__Your task__.
Each entry is to be given again word for word; images are dropped.

__The input__.
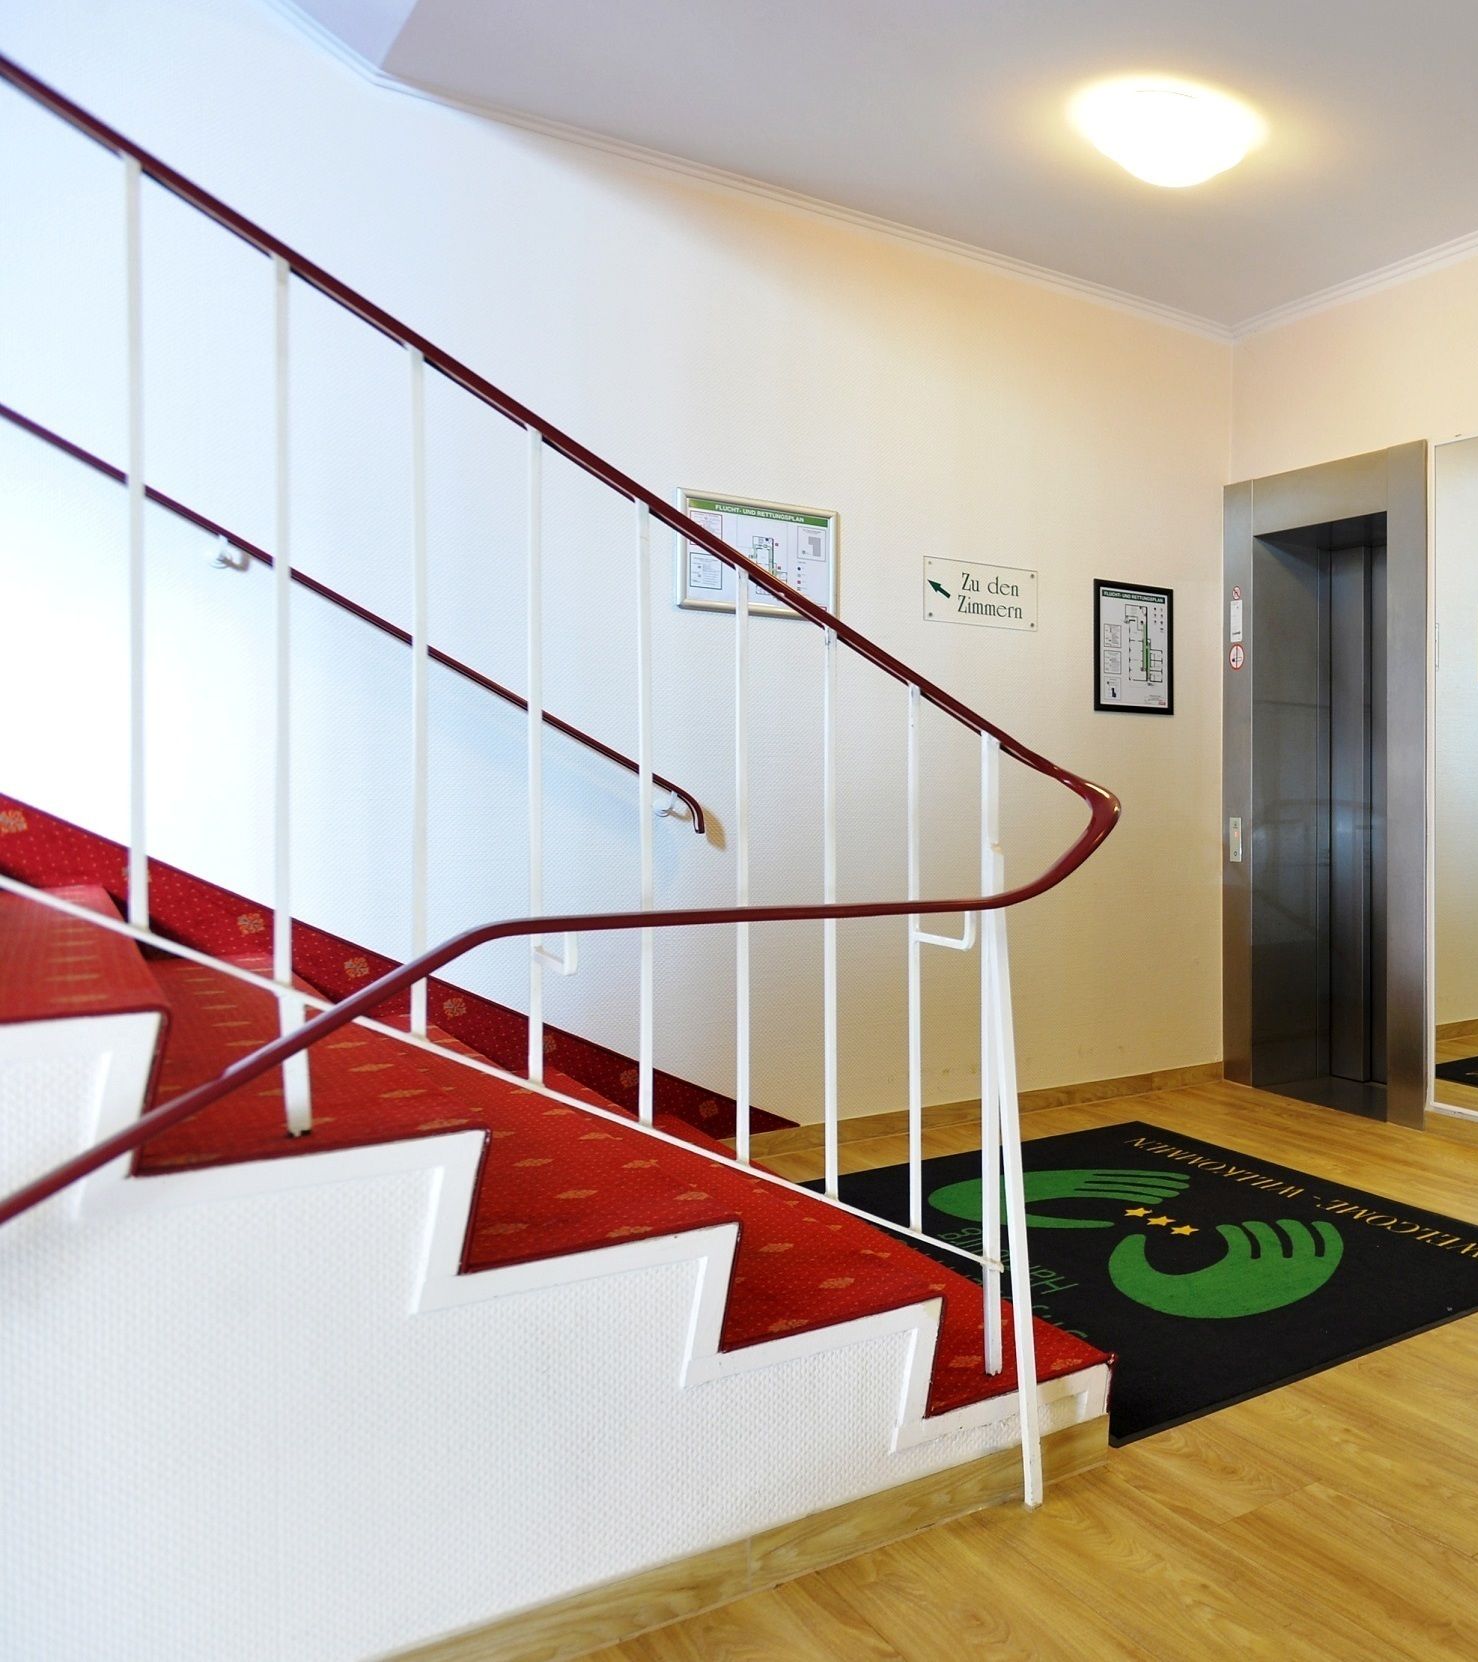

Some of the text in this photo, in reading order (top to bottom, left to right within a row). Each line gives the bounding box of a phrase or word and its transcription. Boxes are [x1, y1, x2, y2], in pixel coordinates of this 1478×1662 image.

[715, 504, 742, 514] FLUCHT-
[757, 510, 805, 522] RETTUNGSPLAN
[961, 572, 1019, 597] Zu den
[957, 594, 1023, 619] Zimmern
[1123, 1136, 1305, 1198] WILLKOMMEN
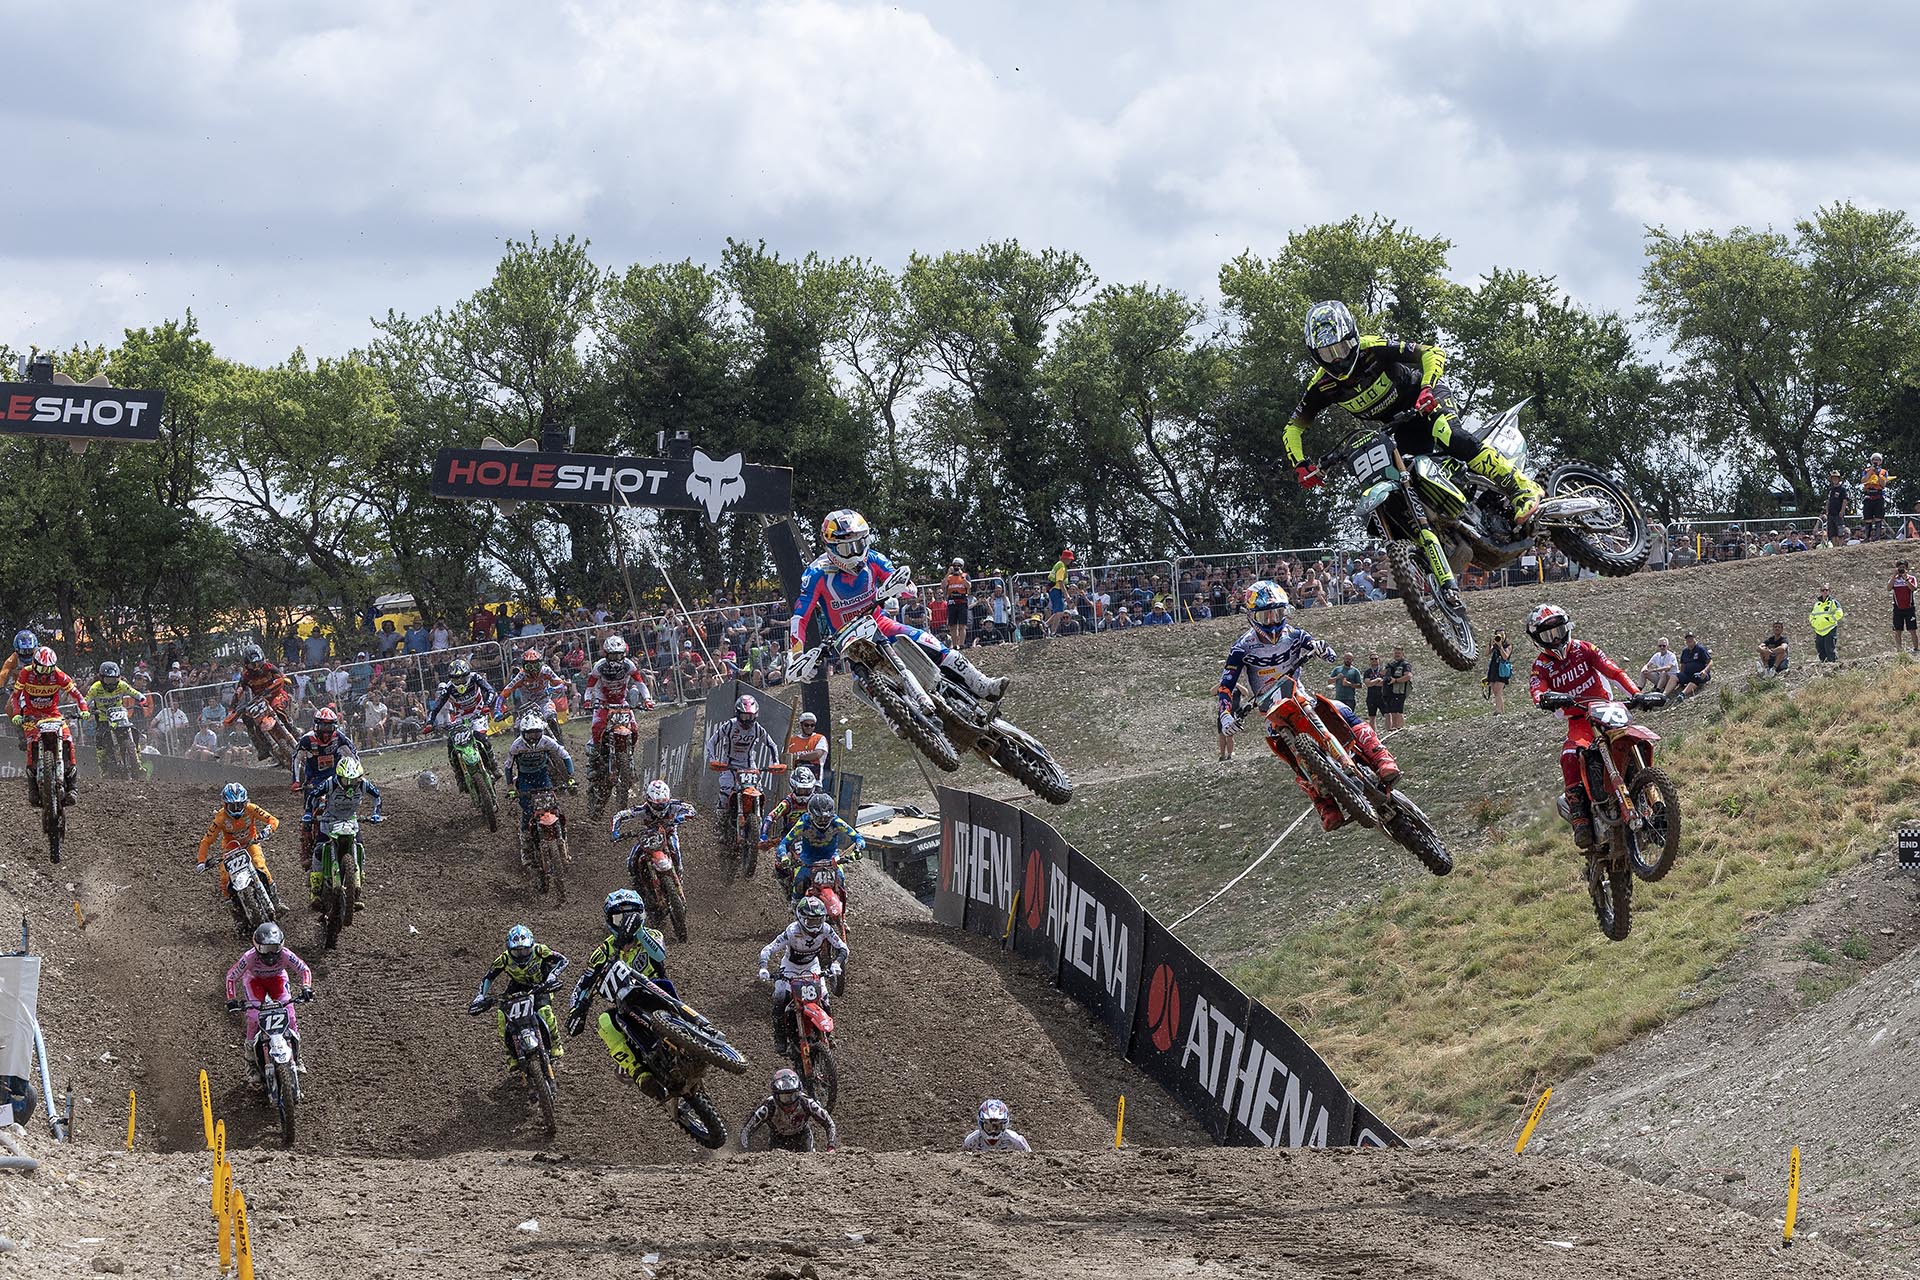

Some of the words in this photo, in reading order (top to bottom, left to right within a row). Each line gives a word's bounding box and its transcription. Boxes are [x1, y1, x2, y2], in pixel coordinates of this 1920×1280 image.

[0, 395, 148, 427] ESHOT
[448, 459, 669, 494] HOLESHOT
[1353, 443, 1391, 483] 99
[1596, 707, 1629, 723] 73
[952, 820, 1013, 914] ATHENA
[643, 934, 659, 953] YAMAHA
[1046, 862, 1128, 1013] ATHENA
[264, 1014, 285, 1031] 12
[510, 1000, 531, 1019] 47
[238, 1208, 248, 1256] ACERBIS
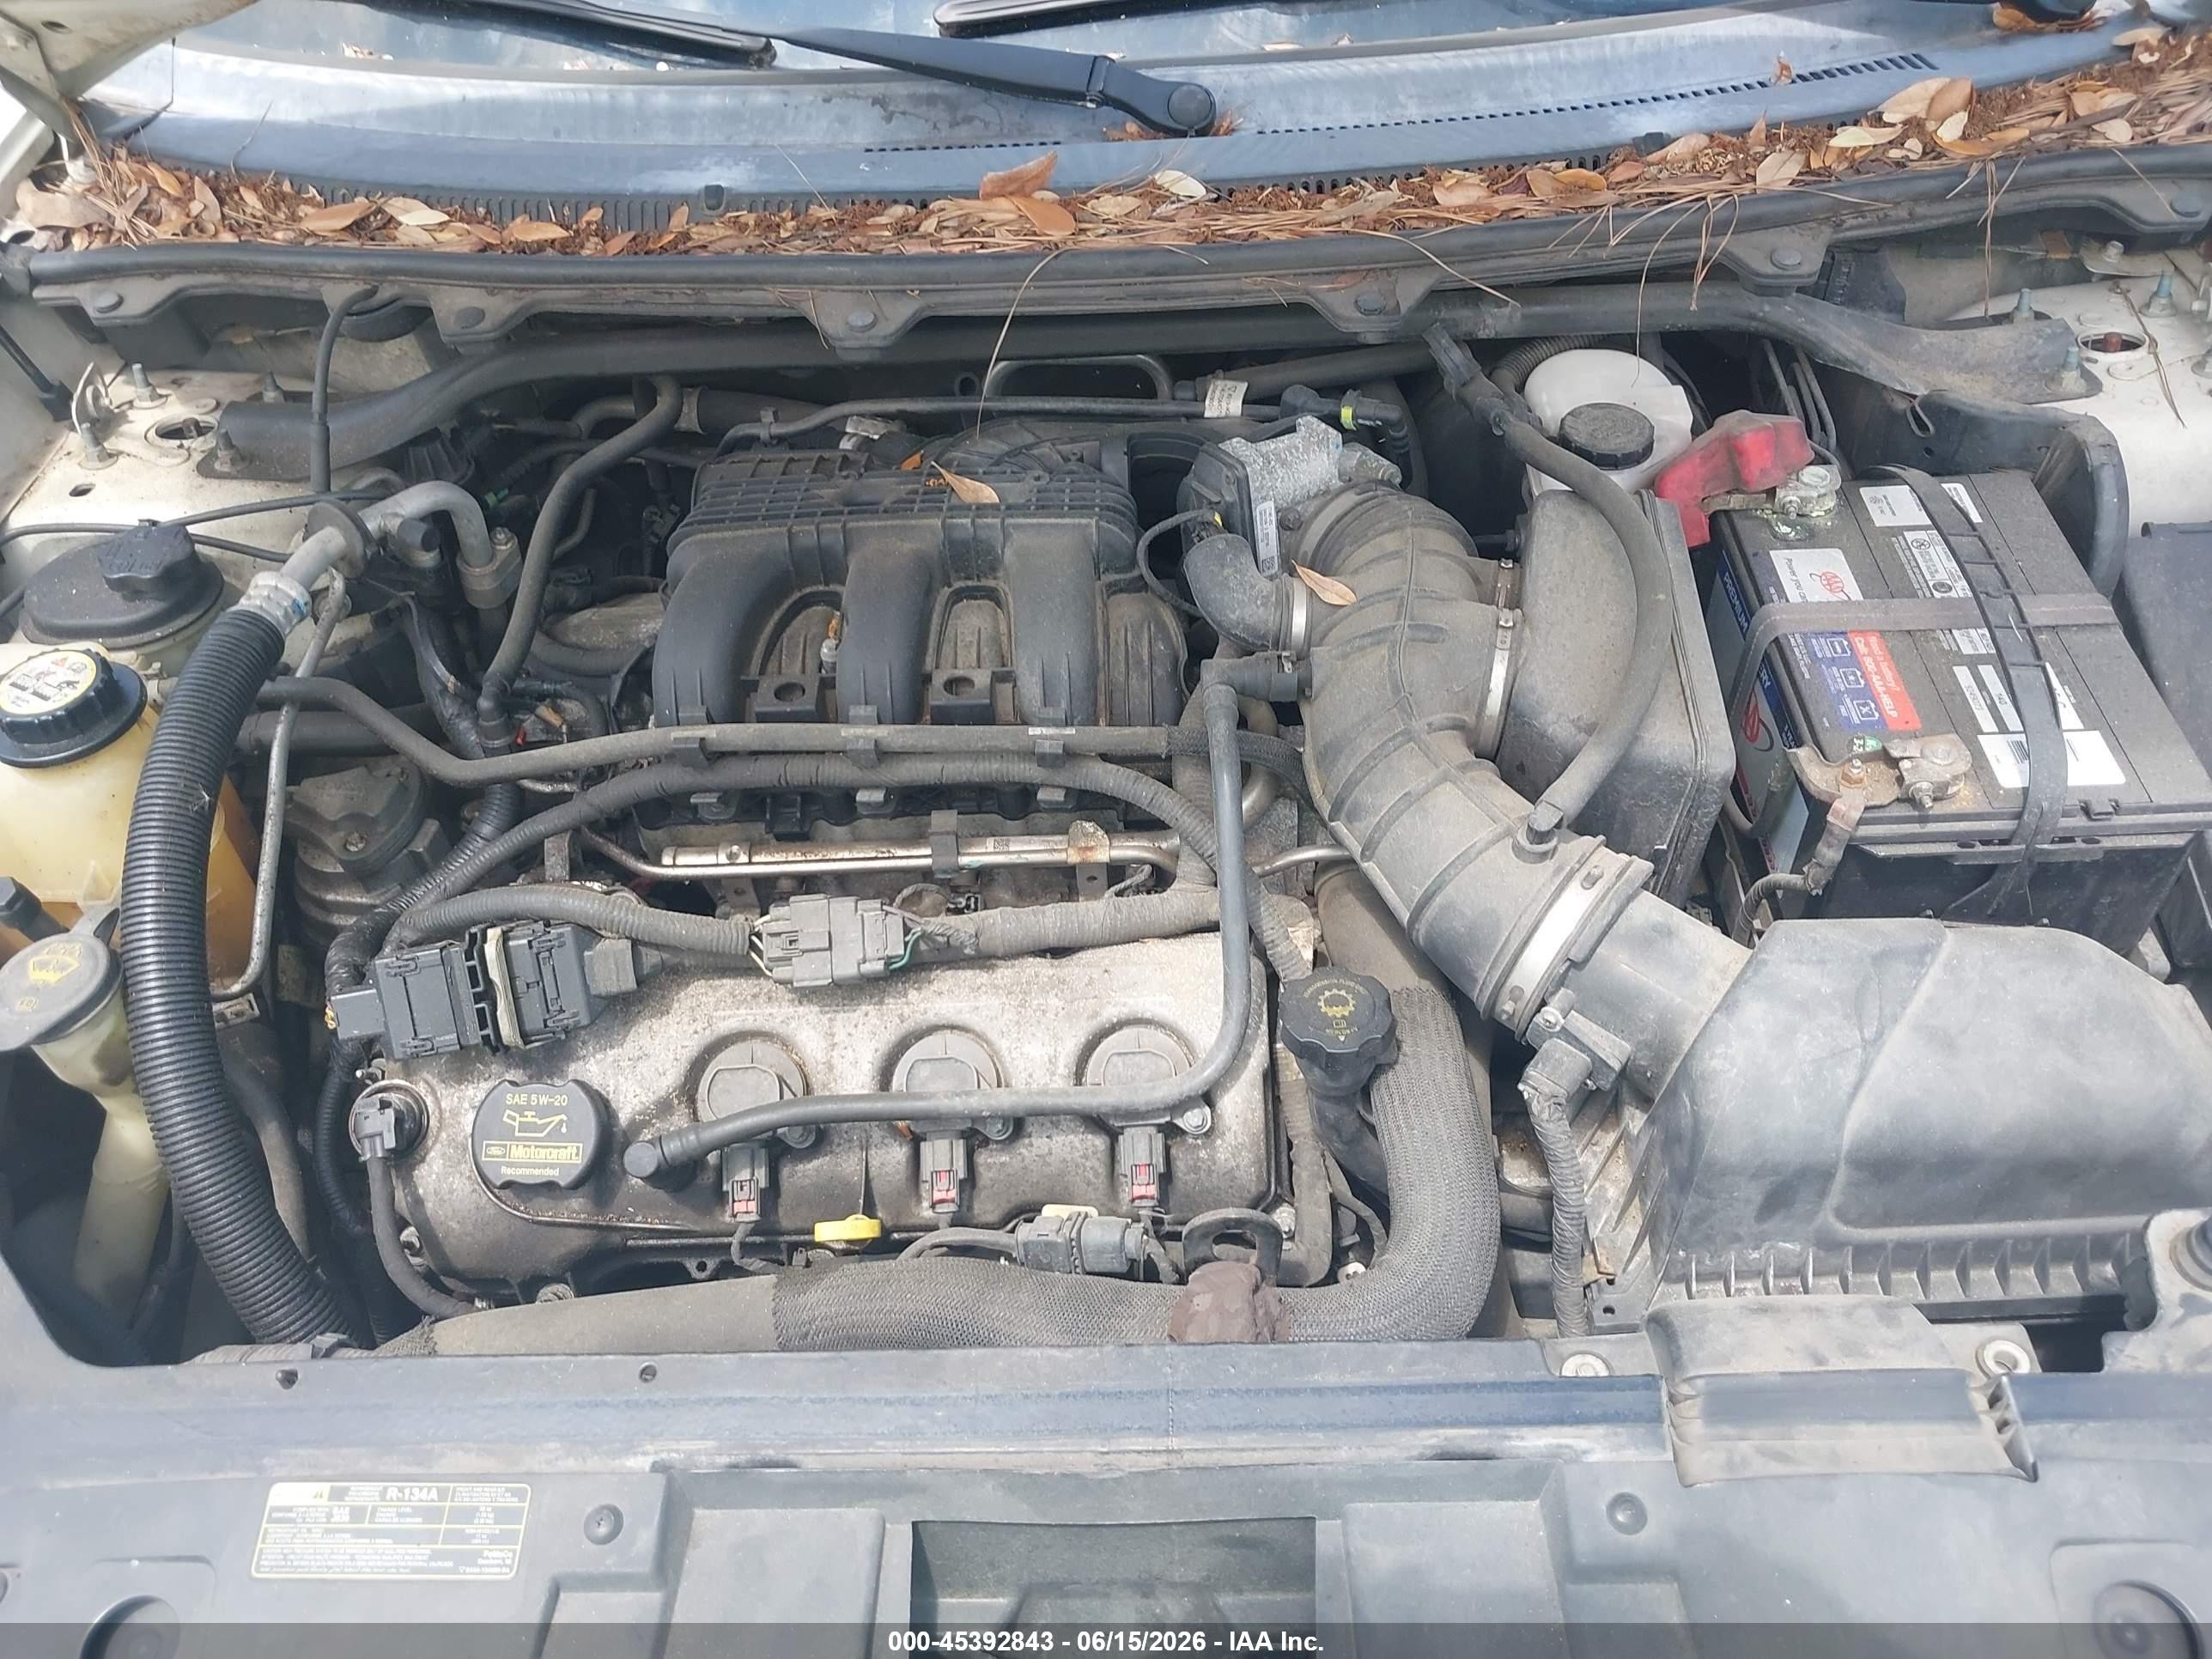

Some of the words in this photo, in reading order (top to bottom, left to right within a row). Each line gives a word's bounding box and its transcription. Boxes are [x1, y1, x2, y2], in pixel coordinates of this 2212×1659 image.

[1784, 556, 1798, 581] Power
[1723, 570, 1748, 634] PREMIUM
[505, 1093, 527, 1105] SAE
[531, 1094, 568, 1106] 5W-20
[510, 1144, 578, 1161] Motorcraft
[501, 1165, 560, 1176] Recommended
[386, 1486, 439, 1501] R-134A

__Reply__.
Some of the text in this photo, in reading order (top to bottom, left to right within a row). Each line gives the bounding box of a phrase or word and its transcription. Boxes are [x1, y1, x2, y2], in pixel coordinates of this 1478×1662 image.

[715, 504, 742, 514] FLUCHT-
[757, 510, 805, 522] RETTUNGSPLAN
[961, 572, 1019, 597] Zu den
[957, 594, 1023, 619] Zimmern
[1123, 1136, 1305, 1198] WILLKOMMEN

Some of the words in this photo, in reading order (top to bottom, left to right within a row). Each line gives a word's bounding box and its transcription. Boxes are [x1, y1, x2, y2], in pixel coordinates of this 1920×1280 image.

[0, 395, 148, 427] ESHOT
[448, 459, 669, 494] HOLESHOT
[1353, 443, 1391, 483] 99
[1596, 707, 1629, 723] 73
[952, 820, 1013, 914] ATHENA
[643, 934, 659, 953] YAMAHA
[1046, 862, 1128, 1013] ATHENA
[264, 1014, 285, 1031] 12
[510, 1000, 531, 1019] 47
[238, 1208, 248, 1256] ACERBIS

Some of the words in this photo, in reading order (top to bottom, left to right within a row). Each line gives a word's bounding box and its transcription. Boxes are [x1, y1, x2, y2], in pixel coordinates of this 2212×1659 image.

[1784, 556, 1798, 581] Power
[1723, 570, 1748, 634] PREMIUM
[505, 1093, 527, 1105] SAE
[531, 1094, 568, 1106] 5W-20
[510, 1144, 578, 1161] Motorcraft
[501, 1165, 560, 1176] Recommended
[386, 1486, 439, 1501] R-134A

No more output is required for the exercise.